Monday, Dec. 24, 2001

Music

1 THE STROKES Is This It (RCA) It's impossible to listen to this album without noting all the '70s punk/pop acts being ripped off left and right. It's also impossible to resist nodding your head and singing along. The Strokes may be derivative--of the Velvet Underground, Television, David Bowie and many others--but to borrow a phrase from Courtney Love, they fake it so real, they are beyond fake. Is This It is full of great guitar hooks, dry pop lyrics ("Alone we stand, together we fall apart/I think I'll be all right") and old-fashioned rock-'n'-roll attitude. Lead singer Julian Casablancas, 23, is in the middle of it all, radiating a stylish, premature weariness that no doubt makes his dad, Elite modeling kingpin John Casablancas, a proud papa. Who cares if the Strokes didn't invent their sound, as long as they perfected it?

2 MARC ANTHONY Libre (Sony Discos/Columbia) Even when Marc Anthony sings English-language pop, his heart seems to pound with a Latin rhythm. Here he returns to Spanish-language salsa, the genre that made him a superstar. Anthony's sonic palette has broadened: these songs are adorned with musical touches from around the world, including tango-style accordions and Andean flutes.

3 SYSTEM OF A DOWN Toxicity (Columbia) In a year filled with screaming nu-metal acts, this band screams loudest and most eloquently. Front man Serj Tankian has a soaring voice, but as he demonstrates on standouts Chop Suey! and Forest, he knows how to modulate, sounding like an angry cantor one moment and a choir boy the next. Guitarist Daron Malakian backs it all up with a fierce wall of fuzz.

4 RYAN ADAMS Gold (Lost Highway) There's an aroma of the young, freewheeling Bob Dylan in the organ and acoustic-guitar textures beloved by this urban folk rocker. On his lyric sheet, word games take a backseat to riffs on love, youth and empty pockets. Boomers nostalgic for their hitchhiking days, as well as their children thumbing a ride to the city for the first time, will find something to get weepy over.

5 OLU DARA Neighborhoods (Atlantic) The cornetist-guitarist-vocalist makes music that doesn't just grow on you; it grows around you, locking you in an inescapable embrace, like an oak tree that's knotted around a fence.
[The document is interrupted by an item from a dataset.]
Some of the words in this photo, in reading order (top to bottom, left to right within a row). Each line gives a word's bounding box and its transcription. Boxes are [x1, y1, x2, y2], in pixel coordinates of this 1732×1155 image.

Once his magical blend of jazz and blues gets hold of the listener, there's no escape--and no wanting to leave. Dara, who has played sideman to jazz greats, has become a master.

6 LUCINDA WILLIAMS Essence (Lost Highway) Country's most lauded poet turns down the volume and comes up with a slow, soft album about dark places in the soul. In songs that range from meditations on obsessive relationships to backwoods-style religious devotions, she exposes emotions many listeners keep inside and spins them into music other songwriters wish they had in them. Absolutely essential.
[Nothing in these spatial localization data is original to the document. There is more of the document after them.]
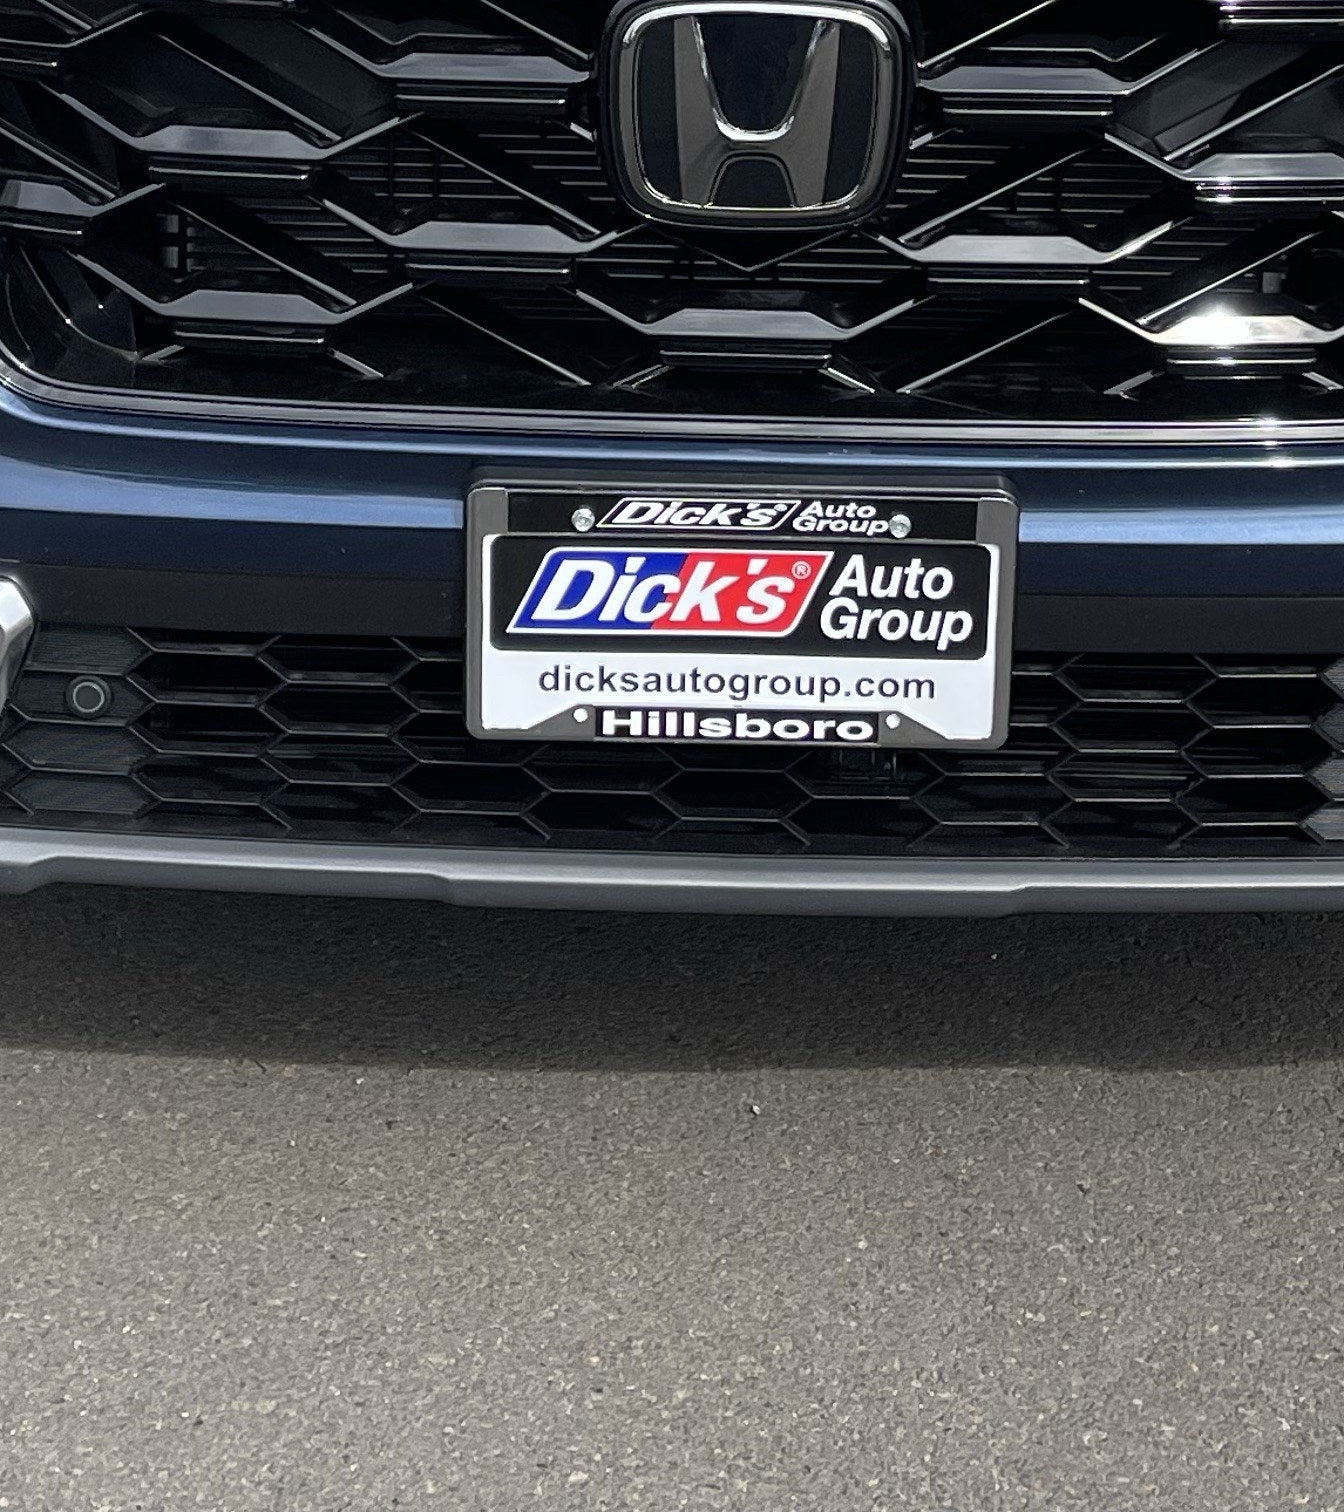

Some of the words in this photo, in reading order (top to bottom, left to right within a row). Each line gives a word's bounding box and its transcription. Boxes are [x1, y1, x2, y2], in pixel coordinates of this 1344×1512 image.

[792, 514, 889, 536] Group
[799, 500, 877, 519] Auto
[531, 556, 794, 625] Dick's
[829, 553, 955, 600] Auto
[819, 596, 973, 651] Group
[538, 664, 936, 702] dicksautogroup.com
[601, 710, 874, 740] Hillsboro
7 VALERY GERGIEV/KIROV ORCHESTRA The Rite of Spring (Philips) Igor Stravinsky's clamorous ballet score has now received a quintessentially Russian recording: violent, brazen, full of all the blunt power of passionate peasant ritual. Gergiev has been making a big impression as principal guest conductor of New York City's Metropolitan Opera, and this CD leaves no doubt why.

8 ATERCIOPELADOS Gozo Poderoso (BMG/U.S. Latin) Musical mavericks often reject the past; this Colombian electro-rock duo is dragging its traditions into the present, marinating its songs in South American rhythms, including cumbia (a hot, syncopated dance music) and vallenato (a sweet accordion-led genre). This is an album that edifies even as it enchants.

9 DOLLY PARTON Little Sparrow (Sugar Hill) Although lumped with the bluegrass revival, Parton's album sports little of the preciousness associated with most nouveau blue. On traditional tunes and unconventional ones (Collective Soul's Shine, Cole Porter's I Get a Kick Out of You), Parton tests bluegrass's elasticity--but gently. The whole album sounds fresh and playful.

10 AALIYAH Aaliyah (Blackground) A siren of subtlety, never wailing when a whisper would do, she blended genres with alluring ease. For her, hip-hop/soul and muted alternative rock came together as easily as lovers interlocking fingers. A plane crash claimed Aaliyah's life in August, but on her last CD her soul is forever in flight.